Overall, this study provides valuable negative data by demonstrating that the investigated polymorphisms are not reliable predictive markers for clinical outcomes in chronic hepatitis B. The lack of a clear association underscores the complex interplay of host genetic factors in immune-mediated viral clearance, which likely involves multiple genes and signaling pathways beyond IP-10. These findings further highlight the importance of investigating other genetic and immunological determinants — such as cytokine gene polymorphisms, HLA alleles, and components of the innate immune response — to better elucidate the mechanisms driving both spontaneous and treatment-induced HBsAg loss.
5.1. Conclusions
In conclusion, our findings indicate that the c.-135C>T, c.85C>T, and c.83T>G polymorphisms in the IP-10 gene are not significantly associated with HBsAg loss in patients with chronic hepatitis B. However, this result should not be interpreted as definitive evidence against the involvement of IP-10 in HBV-related immune responses. Given the complexity of HBsAg clearance, these specific SNPs may have limited predictive value in isolation.

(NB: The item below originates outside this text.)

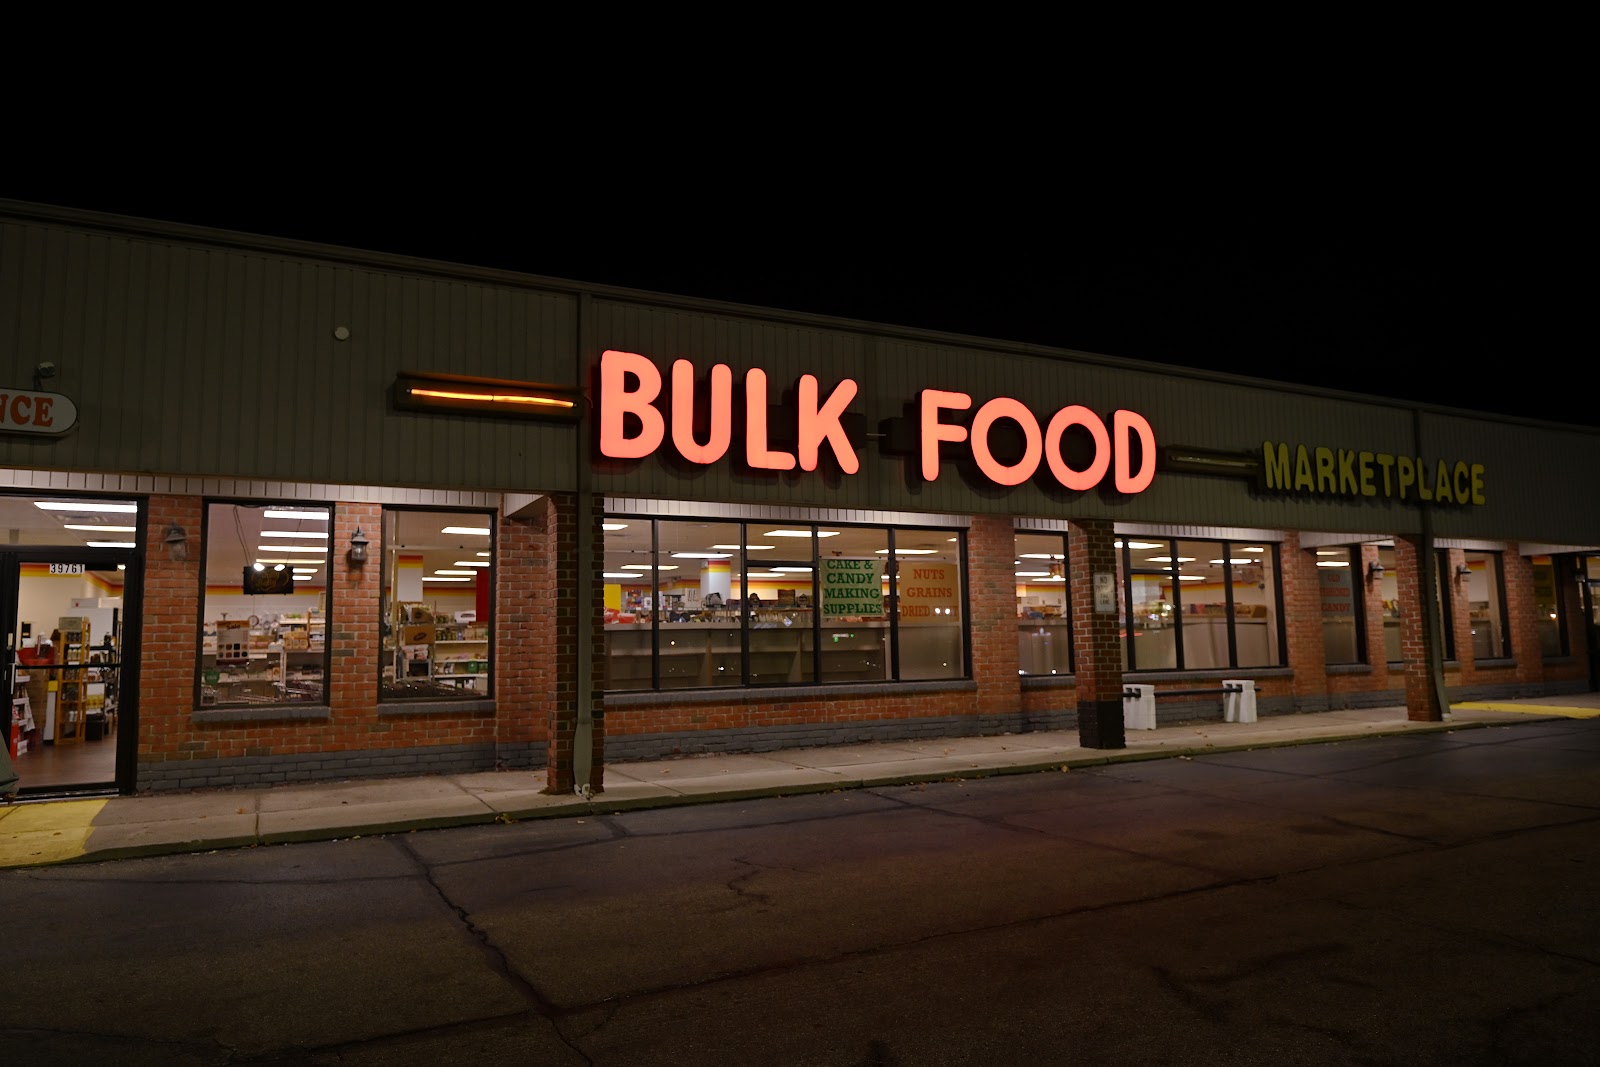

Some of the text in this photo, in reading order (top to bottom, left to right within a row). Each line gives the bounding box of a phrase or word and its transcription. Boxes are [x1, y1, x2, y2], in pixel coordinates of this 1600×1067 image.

Moreover, the identification of a novel variant (c.83T>G) and an unreported genotype (CA at c.-135) suggests underlying genetic diversity within the IP-10 locus that warrants further exploration. To validate these findings and explore potential population-specific effects, future studies with larger and more ethnically diverse cohorts are needed. Furthermore, in-depth investigations should be conducted to assess the combined effects of IP-10 expression levels and promoter region polymorphisms on HBsAg clearance and treatment response. As a future direction, we also recommend integrating functional assays and epigenomic analyses, such as DNA methylation profiling of the IP-10 promoter region, to better understand the regulatory mechanisms that may influence HBsAg loss. Additionally, employing omics approaches, such as transcriptomics and proteomics, to comprehensively investigate the effects of the IP-10 gene may contribute to a deeper understanding of the biological pathways influencing HBsAg loss.